We included two RCTs investigating withdrawal of antihypertensives in 2490 participants. There was substantial clinical heterogeneity between the included studies, therefore we did not combine data for our primary outcome. Overall, the quality of included studies was high and the risk of bias was low. Neither study investigated incident dementia.

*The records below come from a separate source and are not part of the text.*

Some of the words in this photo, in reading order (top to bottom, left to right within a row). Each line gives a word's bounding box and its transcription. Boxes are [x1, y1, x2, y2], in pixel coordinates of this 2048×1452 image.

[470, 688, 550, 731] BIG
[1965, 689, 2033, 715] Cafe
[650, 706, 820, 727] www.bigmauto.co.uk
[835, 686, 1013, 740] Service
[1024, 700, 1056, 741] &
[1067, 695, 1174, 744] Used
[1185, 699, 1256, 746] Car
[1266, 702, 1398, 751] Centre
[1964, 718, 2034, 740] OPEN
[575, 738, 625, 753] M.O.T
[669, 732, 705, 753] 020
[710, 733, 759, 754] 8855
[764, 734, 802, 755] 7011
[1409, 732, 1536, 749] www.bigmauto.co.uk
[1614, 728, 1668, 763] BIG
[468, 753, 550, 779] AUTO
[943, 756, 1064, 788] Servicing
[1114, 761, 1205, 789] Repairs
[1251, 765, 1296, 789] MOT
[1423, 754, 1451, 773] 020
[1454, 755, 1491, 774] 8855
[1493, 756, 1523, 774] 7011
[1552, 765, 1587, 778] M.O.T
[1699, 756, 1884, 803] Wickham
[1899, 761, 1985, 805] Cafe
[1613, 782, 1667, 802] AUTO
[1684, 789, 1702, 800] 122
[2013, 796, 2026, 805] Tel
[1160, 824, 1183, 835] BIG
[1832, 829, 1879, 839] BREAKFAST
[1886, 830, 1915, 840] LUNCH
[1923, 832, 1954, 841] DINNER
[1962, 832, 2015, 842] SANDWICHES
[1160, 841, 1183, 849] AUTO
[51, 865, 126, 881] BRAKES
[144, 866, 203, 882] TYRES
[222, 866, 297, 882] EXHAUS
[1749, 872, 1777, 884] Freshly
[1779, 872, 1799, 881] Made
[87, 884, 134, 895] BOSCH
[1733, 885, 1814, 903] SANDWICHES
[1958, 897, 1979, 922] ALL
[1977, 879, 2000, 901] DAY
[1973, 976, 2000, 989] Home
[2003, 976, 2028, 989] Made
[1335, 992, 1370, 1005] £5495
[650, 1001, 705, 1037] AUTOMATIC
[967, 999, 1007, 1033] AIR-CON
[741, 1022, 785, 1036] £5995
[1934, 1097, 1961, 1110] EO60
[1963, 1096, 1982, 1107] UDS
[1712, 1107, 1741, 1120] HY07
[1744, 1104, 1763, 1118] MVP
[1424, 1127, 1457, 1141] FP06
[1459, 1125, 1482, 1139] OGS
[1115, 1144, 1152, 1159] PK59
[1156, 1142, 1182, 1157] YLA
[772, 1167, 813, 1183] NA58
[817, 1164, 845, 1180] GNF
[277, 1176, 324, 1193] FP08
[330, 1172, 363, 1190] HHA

One study assessed withholding previously prescribed antihypertensive drugs for seven days following acute stroke. Cognition was assessed using telephone Mini-Mental State Examination (t-MMSE) and Telephone Interview for Cognitive Status (TICS-M) at 90 days as a secondary outcome. The t-MMSE score was a mean of 1.0 point higher in participants who withdrew antihypertensive medications compared to participants who continued them (95% confidence interval (CI) 0.35 to 1.65; 1784 participants) and the TICS-M was a mean of 2.10 points higher (95% CI 0.69 to 3.51; 1784 participants). However, in both cases the evidence was of very low quality downgraded due to risk of bias, indirectness and evidence from a single study. The other study was community based and included participants with mild cognitive impairment. Drug withdrawal was for 16 weeks. Cognitive performance was assessed using a composite of at least five out of six cognitive tests. There was no evidence of a difference comparing participants who withdrew antihypertensive medications and participants who continued (mean difference 0.02 points, 95% CI -0.19 to 0.21; 351 participants). This evidence was of low quality and was downgraded due to risk of bias and evidence from single study.

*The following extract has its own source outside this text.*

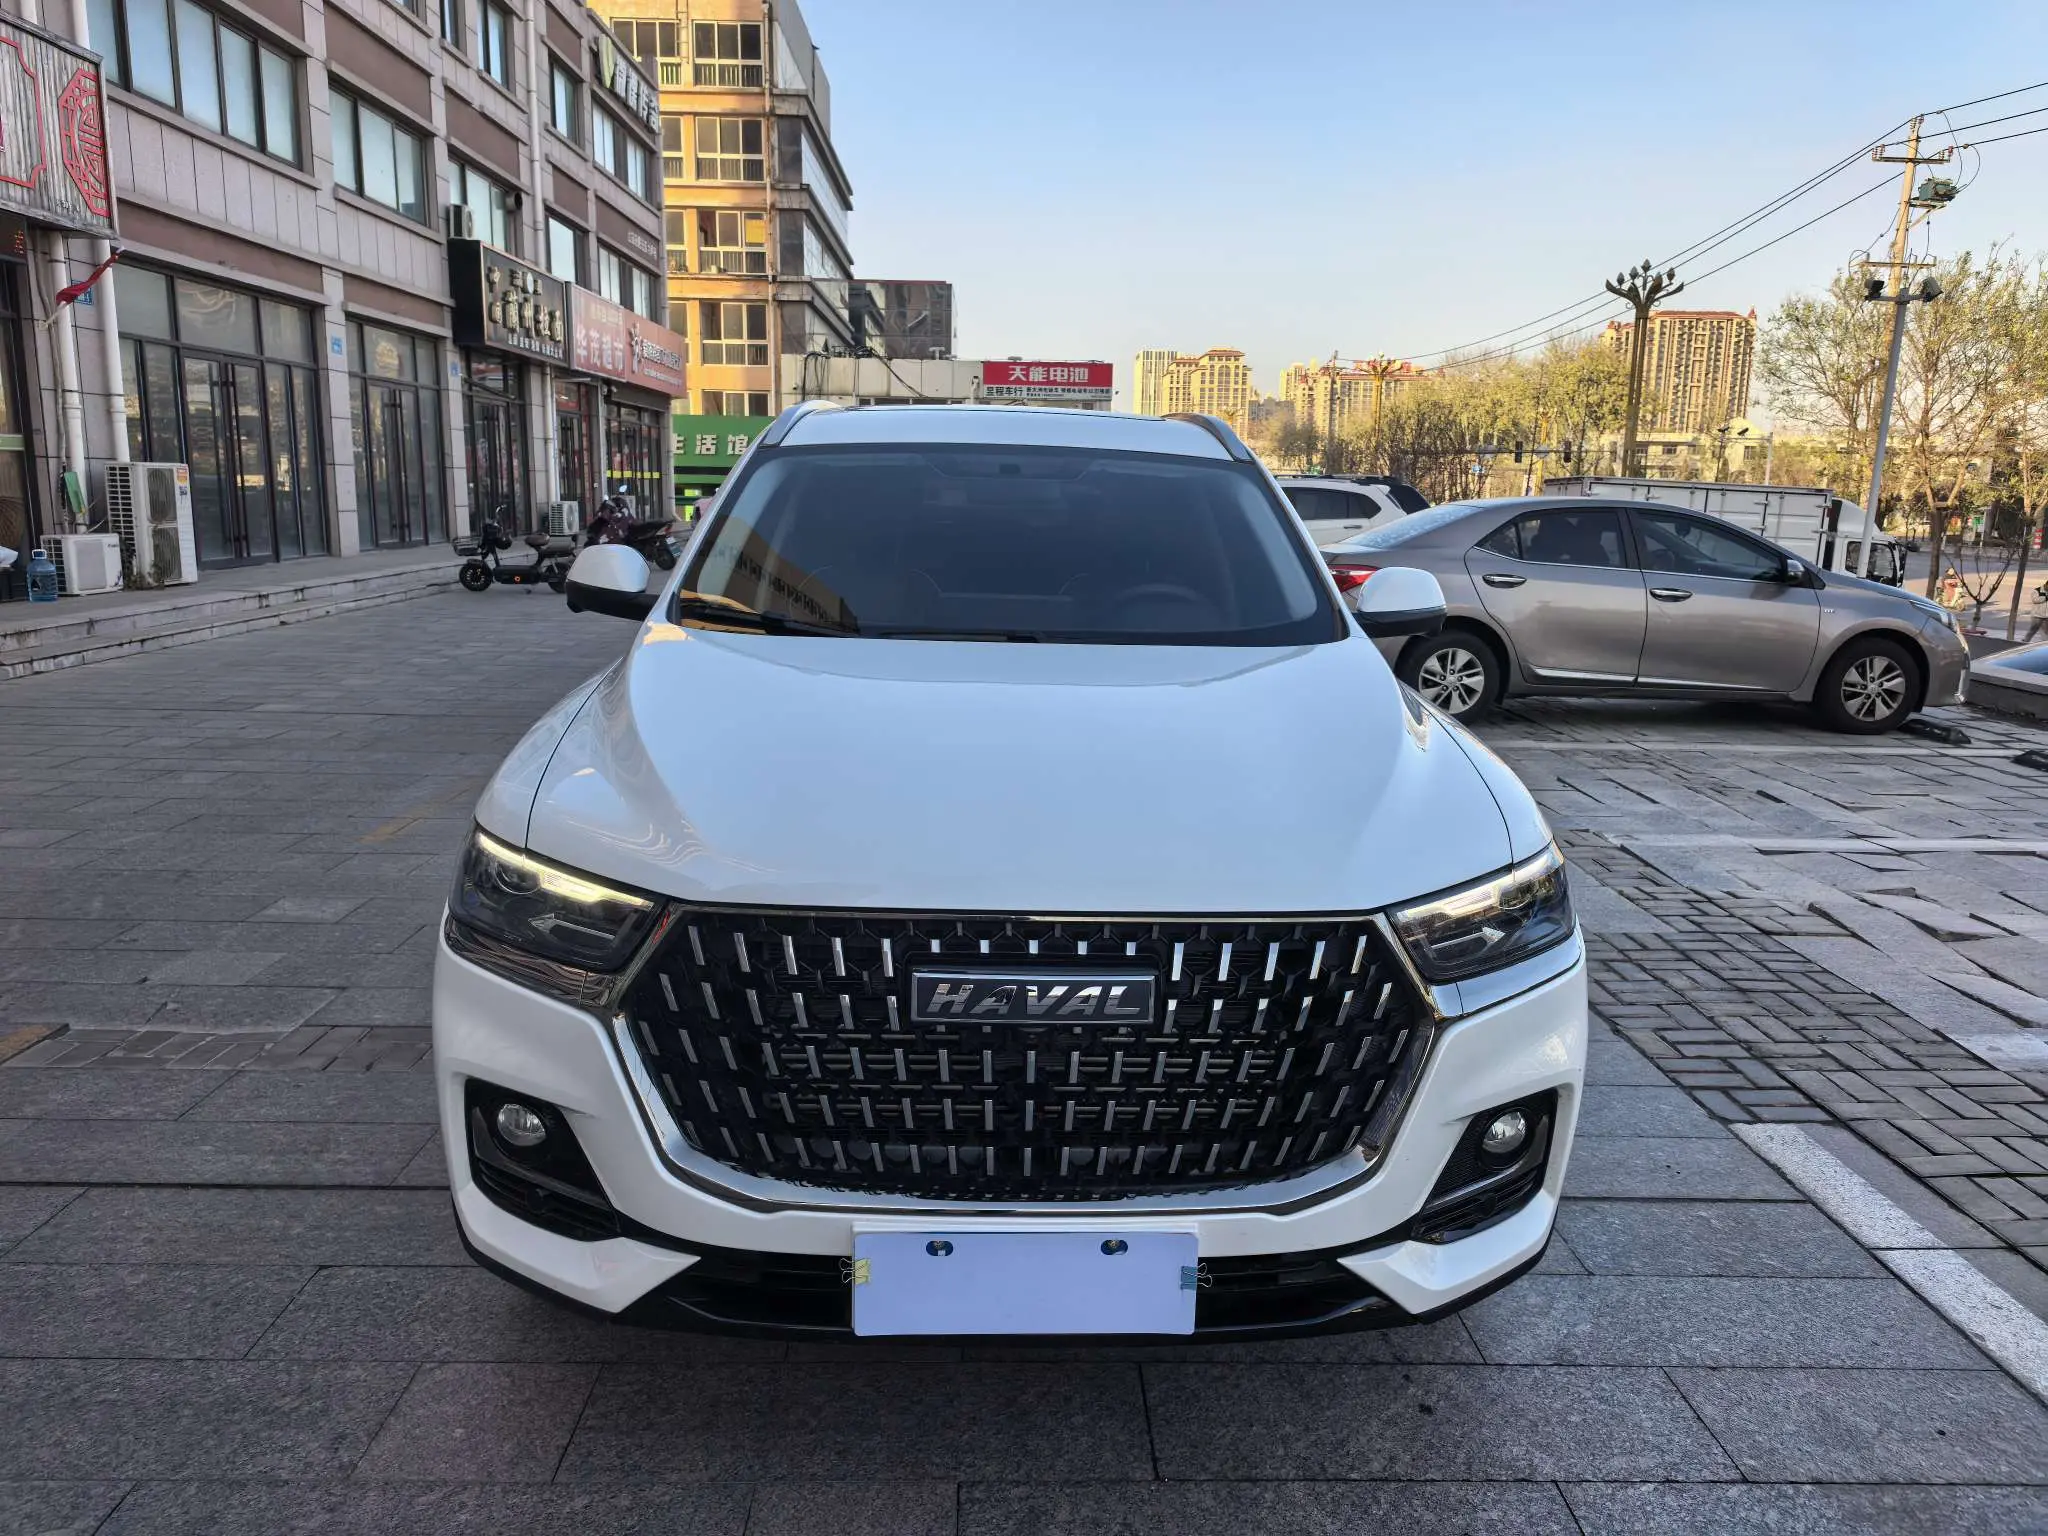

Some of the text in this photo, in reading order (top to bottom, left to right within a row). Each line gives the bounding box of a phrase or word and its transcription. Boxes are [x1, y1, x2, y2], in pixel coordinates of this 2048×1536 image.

[1008, 365, 1089, 383] 天能电池
[926, 983, 1141, 1016] HAVAL

In one study, the systolic blood pressure after seven days of withdrawal was 9.5 mmHg higher in the intervention compared to the control group (95% CI 7.43 to 11.57; 2095 participants) and diastolic blood pressure was 5.1 mmHg higher (95% CI 3.86 to 6.34; 2095 participants). This evidence was low quality, downgraded due to indirectness, because the data must be interpreted in the context of the wider study looking at glyceryl trinitrate administration or not, and evidence from a single study. In the other study, systolic blood pressure increased by 7.4 mmHg in the withdrawal group compared to the control group (95% CI 7.08 to 7.72; 356 participants) and diastolic blood pressure increased by 2.6 mmHg (95% CI 2.42 to 2.78; 356 participants). This was moderate quality evidence, downgraded as evidence was from a single study. We combined data for mortality and cardiovascular events. There was no clear evidence that antihypertensive medication withdrawal affected adverse events, although there was a possible trend to increased cardiovascular events in the large post-stroke study (pooled mortality risk ratio 0.88, 95% CI 0.72 to 1.08; 2485 participants; and cardiovascular events risk ratio 1.29, 95% CI 0.96 to 1.72). Certain prespecified outcomes of interest (falls, hospitalisation) were not reported.